What to do
Leave out all images and set down the records exactly as given.

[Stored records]
══════

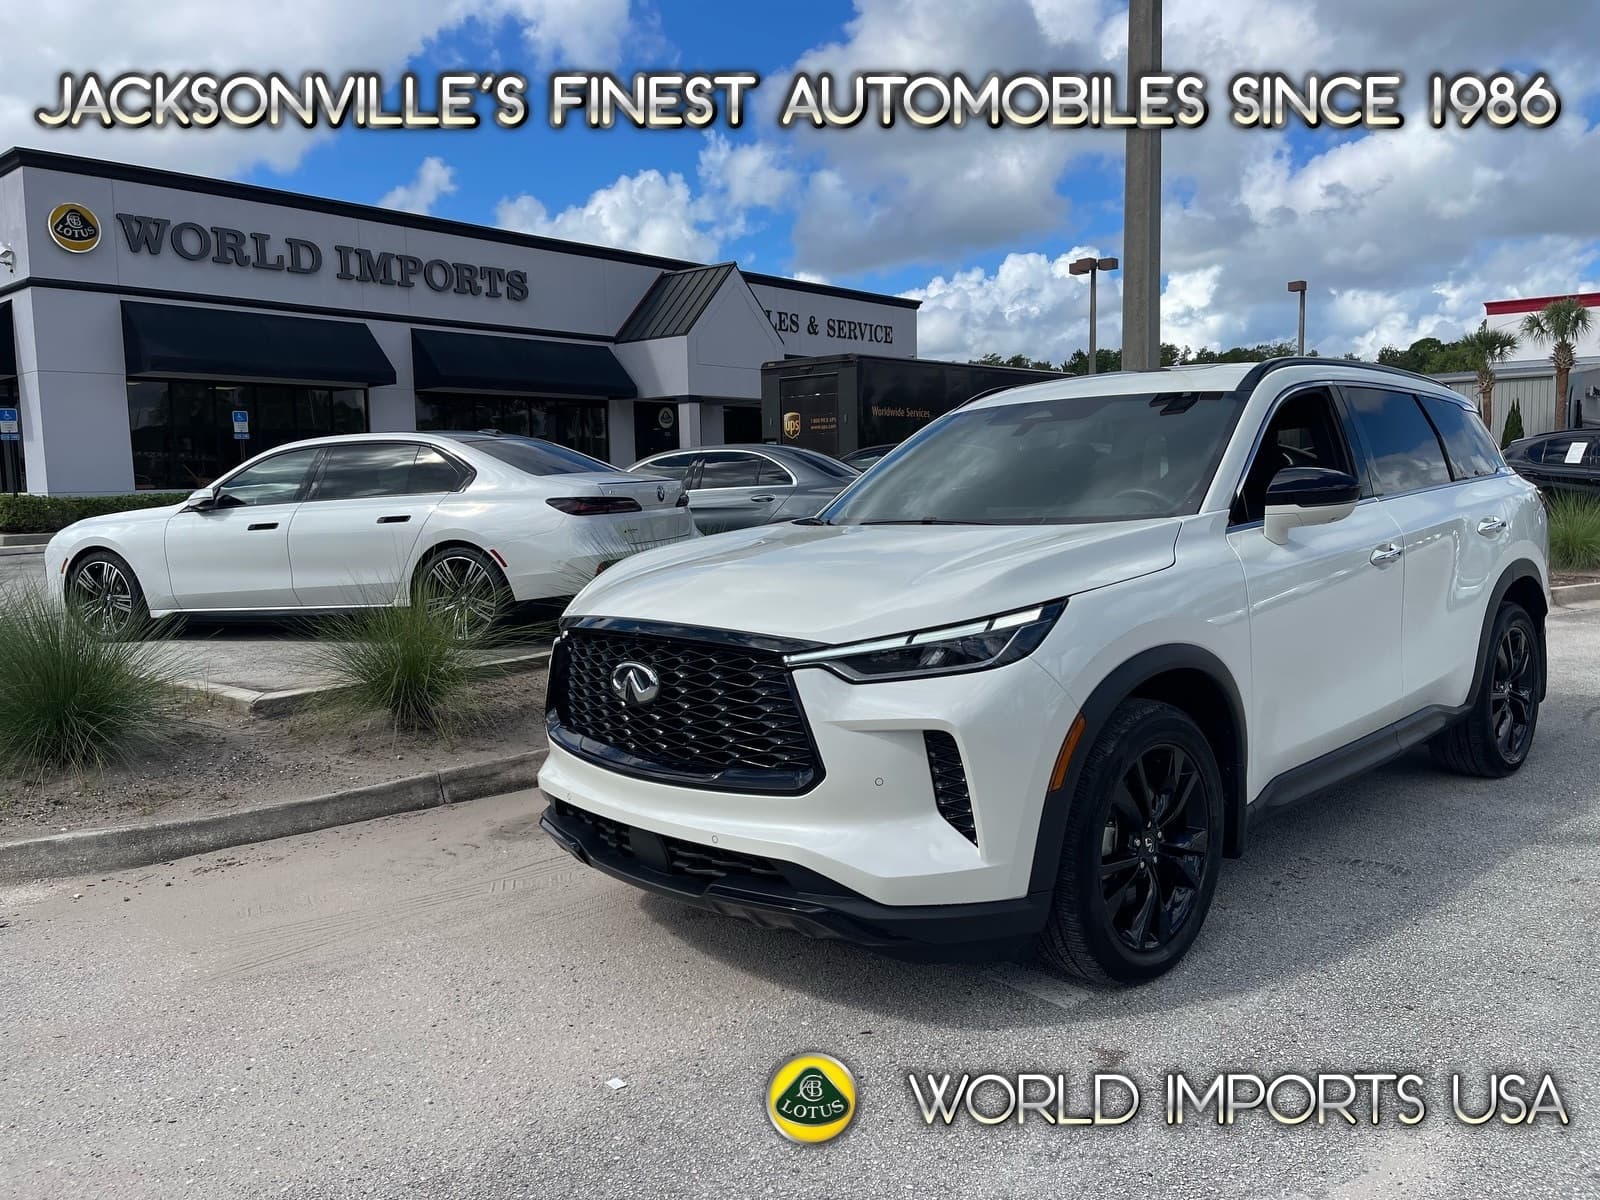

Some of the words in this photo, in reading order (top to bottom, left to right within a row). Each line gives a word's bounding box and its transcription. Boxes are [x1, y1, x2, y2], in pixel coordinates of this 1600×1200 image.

[56, 223, 95, 238] LOTUS
[115, 212, 323, 275] WORLD
[334, 244, 530, 301] IMPORTS
[807, 315, 819, 336] &
[826, 318, 894, 344] SERVICE
[785, 420, 800, 436] ups

══════

Worked solution
Some of the words in this photo, in reading order (top to bottom, left to right within a row). Each line gives a word's bounding box and its transcription. Boxes are [x1, y1, x2, y2], in pixel coordinates of this 1600×1200 image.

[56, 223, 95, 238] LOTUS
[115, 212, 323, 275] WORLD
[334, 244, 530, 301] IMPORTS
[807, 315, 819, 336] &
[826, 318, 894, 344] SERVICE
[785, 420, 800, 436] ups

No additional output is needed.